Over 50 Plans.
Whilst we wouldn’t agree with Which? if they imply that a cash ISA is better for pre-paying funeral plans, we certainly agree with them that over 50 plans aren’t ideal. The problem with an ISA is that it is subject to Inheritance Tax and Probate, so it won’t be availble when it is needed to pay for the funeral. But I don’t think that is what Which? is intending to say. Here is their story:
Over 50 plans* could leave pensioners thousands of pounds out of pocket, and the payout often falls well short of what they’d earn in a cash Isa, according to new research from Which?
The consumer champion found that on average, a 60-year-old man paying £15 a month into an over-50s plan for 30 years would earn a lump sum of just £2,980**. This compares to a cash Isa (4% AER) which would earn more than triple the amount over the same time (£10,313).
If a customer stops payments then they forfeit any payout or even the return of their premiums***. This means that they’re forced to keep paying money into the plan each month until they’re 90. For instance, a 60-year-old man with a monthly premium of £15 would pay a total of £5,400 by the time he reached 90. However, in some cases he could receive a payout of less than half that amount (£2,650). So the longer you live, the worse value over-50s plans become.

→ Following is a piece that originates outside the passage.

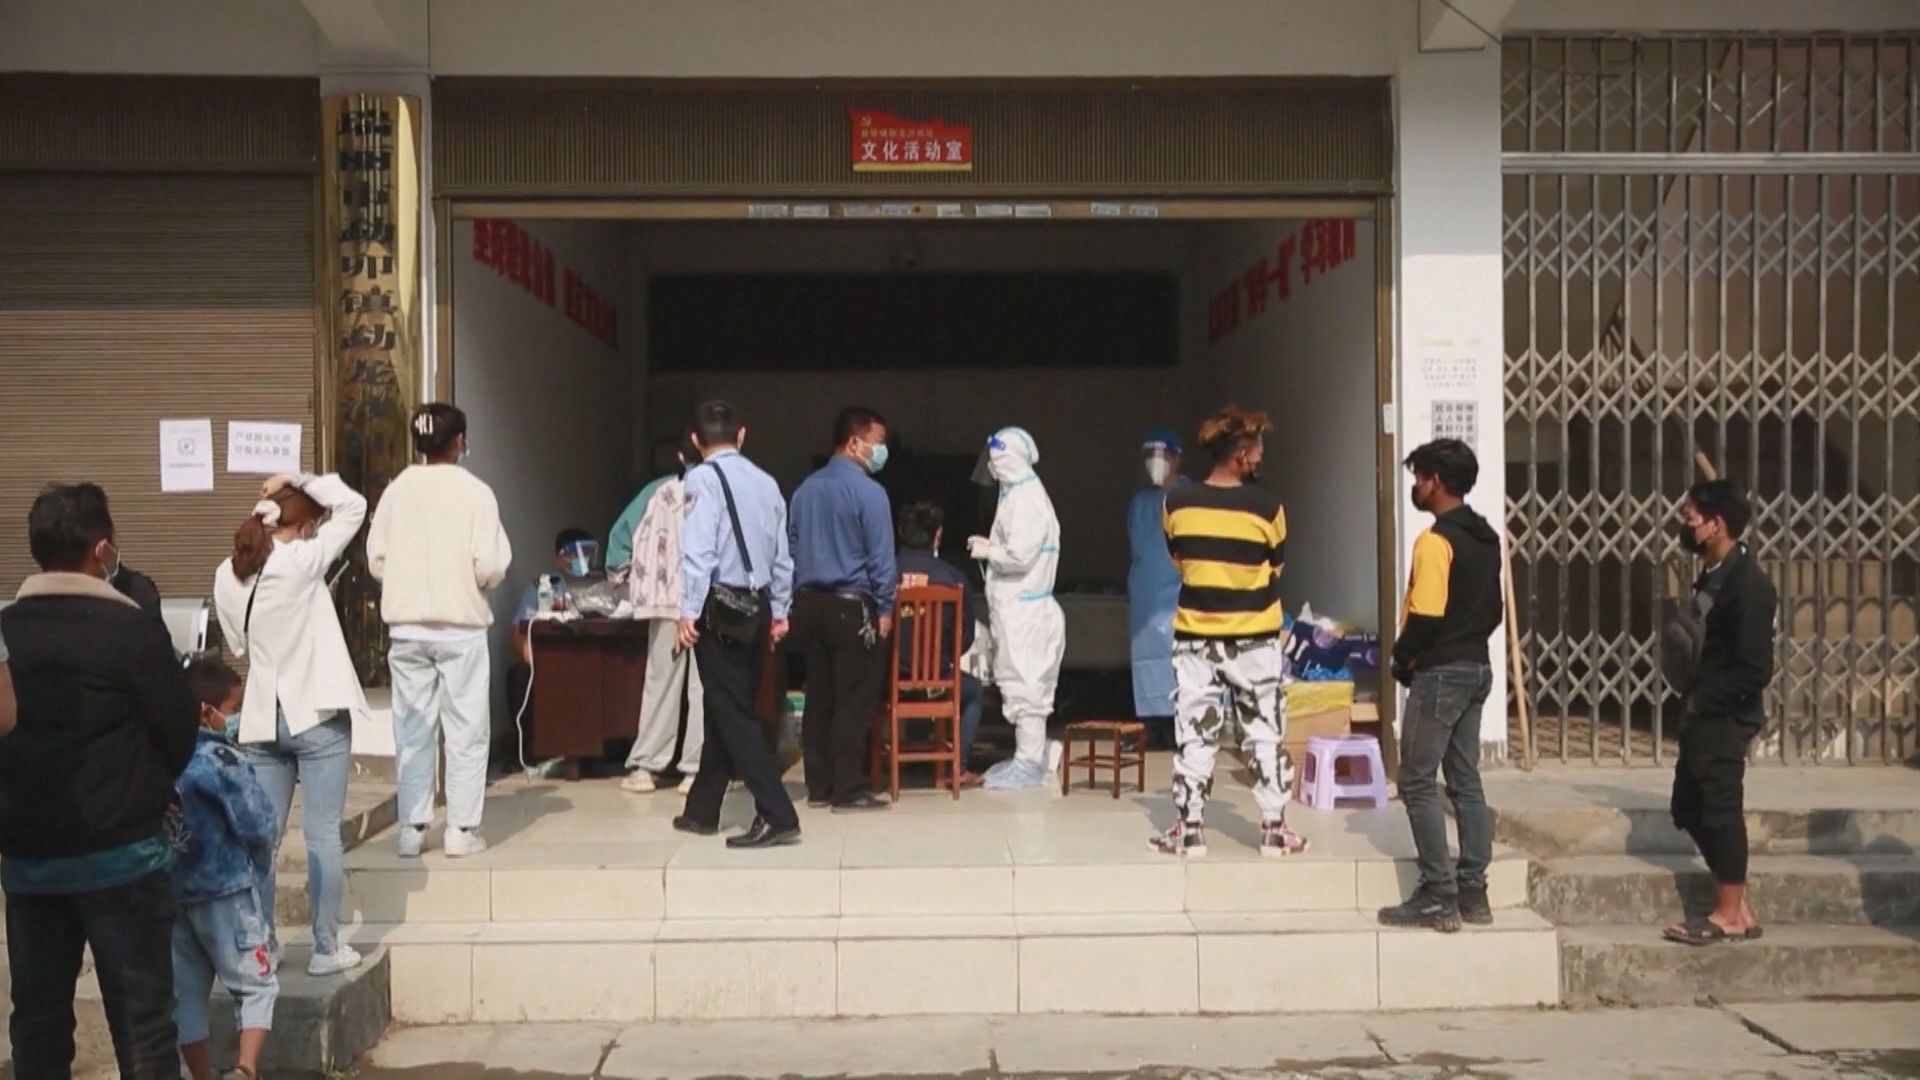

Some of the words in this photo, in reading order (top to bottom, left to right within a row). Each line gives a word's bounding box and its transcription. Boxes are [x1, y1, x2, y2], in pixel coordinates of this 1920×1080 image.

[861, 140, 962, 161] 文化活动室
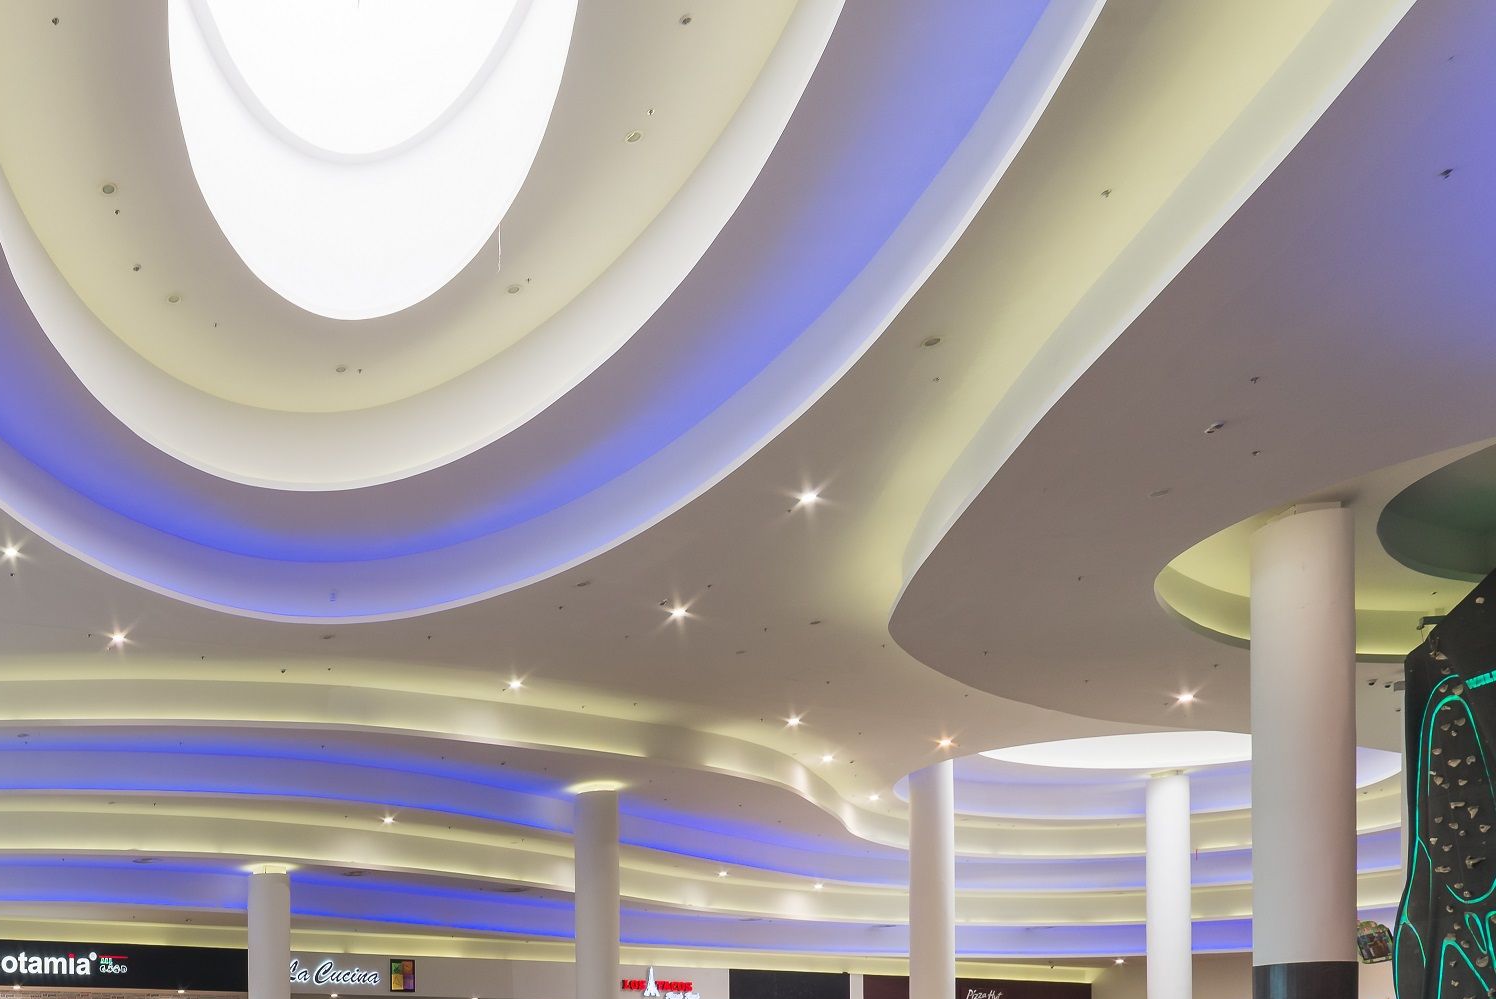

Even worse, if inflation was to follow the same patterns over the next 25 years as it has done over the past quarter of a century, by January 2037 the real value of a plan paying out £3,450 could be less than half this in today’s money.
Which? chief executive, Peter Vicary-Smith, says:
“For most people, over-50s plans are incredibly bad value. They’re inflexible and, for the majority of customers, they will pay out far less than you have paid in. For those that are looking to leave their family a cash sum, our advice is to steer well clear of these plans, and to put your money into a cash Isa instead.”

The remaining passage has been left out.